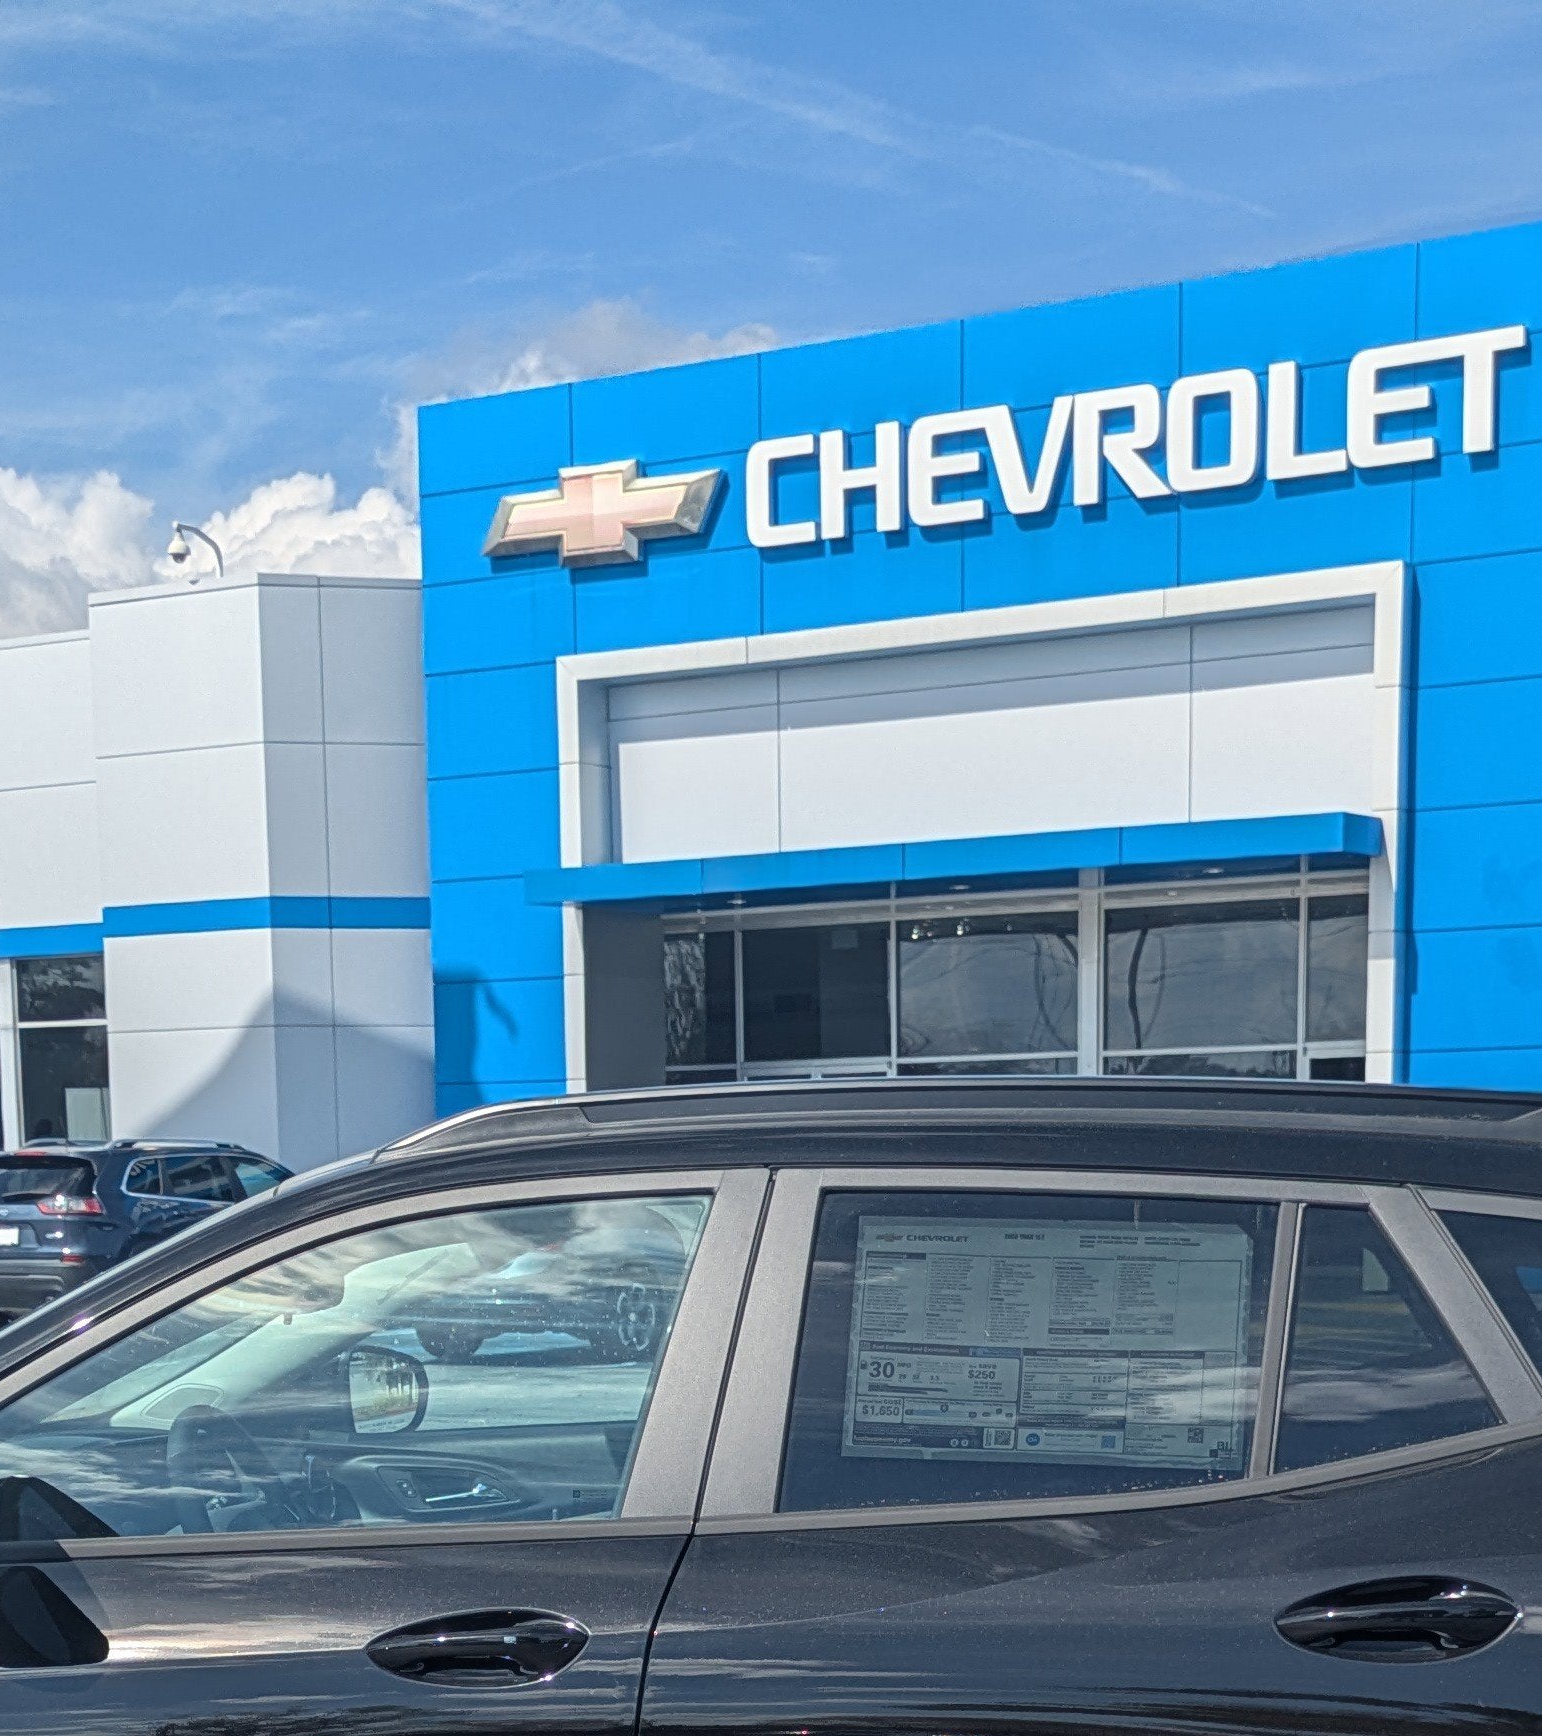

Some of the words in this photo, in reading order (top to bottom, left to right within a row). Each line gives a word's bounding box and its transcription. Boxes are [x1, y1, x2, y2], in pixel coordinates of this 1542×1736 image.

[745, 325, 1527, 549] CHEVROLET
[906, 1234, 970, 1243] CHEVROLET
[869, 1361, 895, 1379] 30
[967, 1370, 996, 1380] $250
[862, 1404, 900, 1416] $1,650
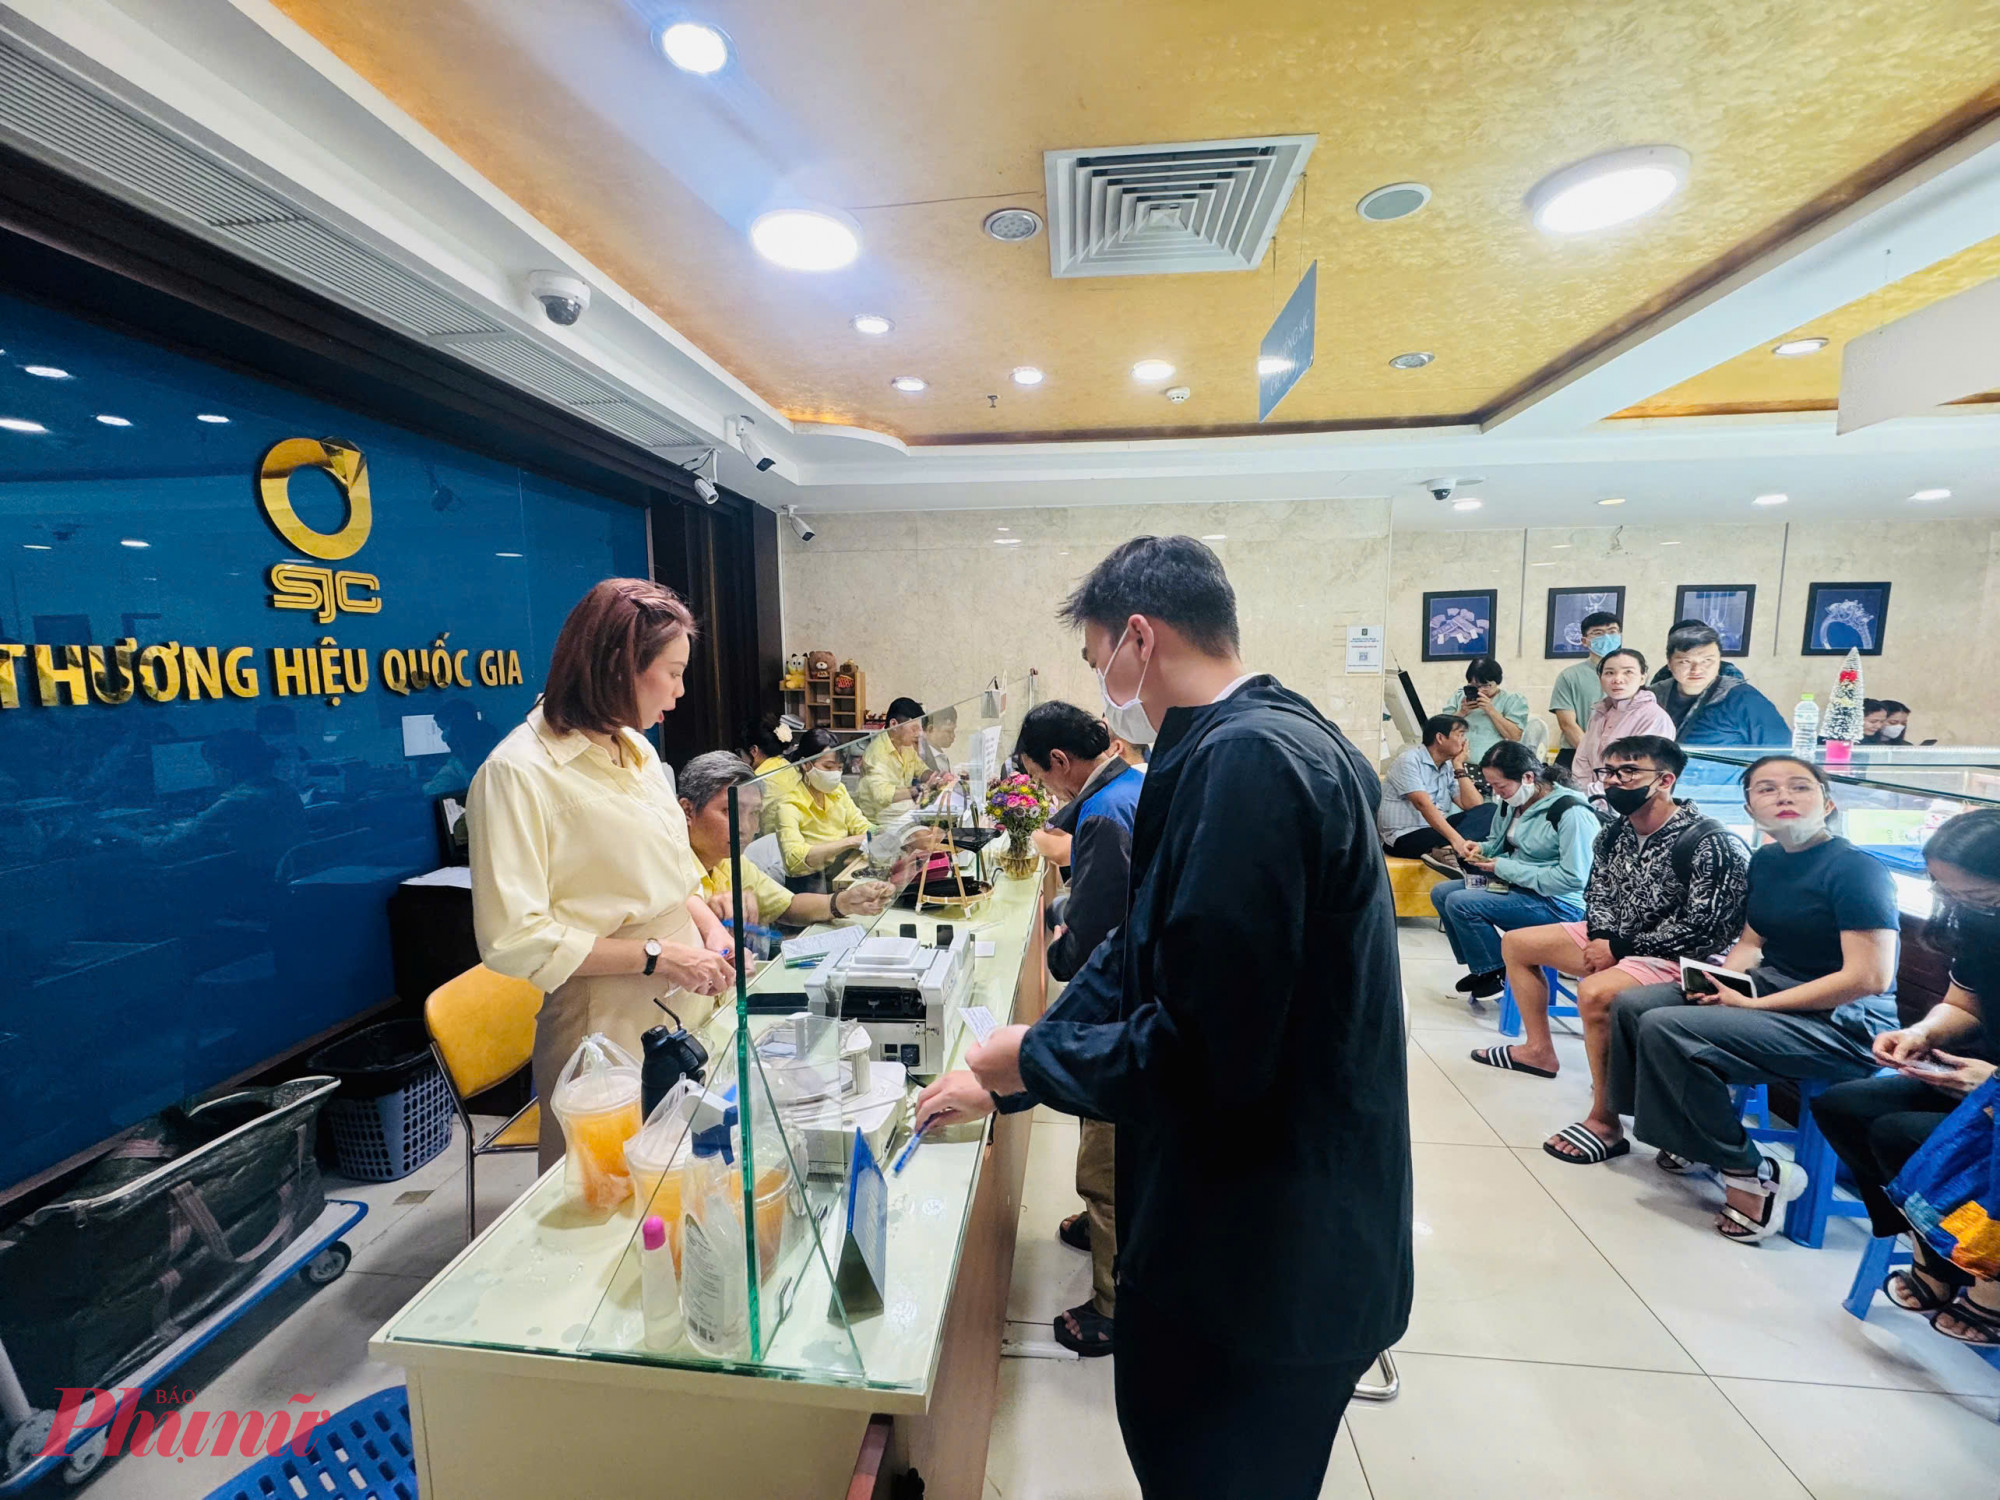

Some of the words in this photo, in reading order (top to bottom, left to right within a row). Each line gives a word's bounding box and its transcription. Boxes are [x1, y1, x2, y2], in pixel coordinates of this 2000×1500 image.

REQUIRED WORK =
Return all of the entries word for word, but omit the pictures.

ANSWER AREA =
Some of the words in this photo, in reading order (top to bottom, left to right within a row). Each line gives a word's bounding box and its transcription. Boxes are [x1, y1, x2, y2], in pixel coordinates of this 1542×1736 image.

[745, 325, 1527, 549] CHEVROLET
[906, 1234, 970, 1243] CHEVROLET
[869, 1361, 895, 1379] 30
[967, 1370, 996, 1380] $250
[862, 1404, 900, 1416] $1,650

Some of the words in this photo, in reading order (top to bottom, left to right within a row). Each line gives a word's bounding box and its transcription. Boxes are [x1, y1, x2, y2], in pixel coordinates of this 2000×1500 image.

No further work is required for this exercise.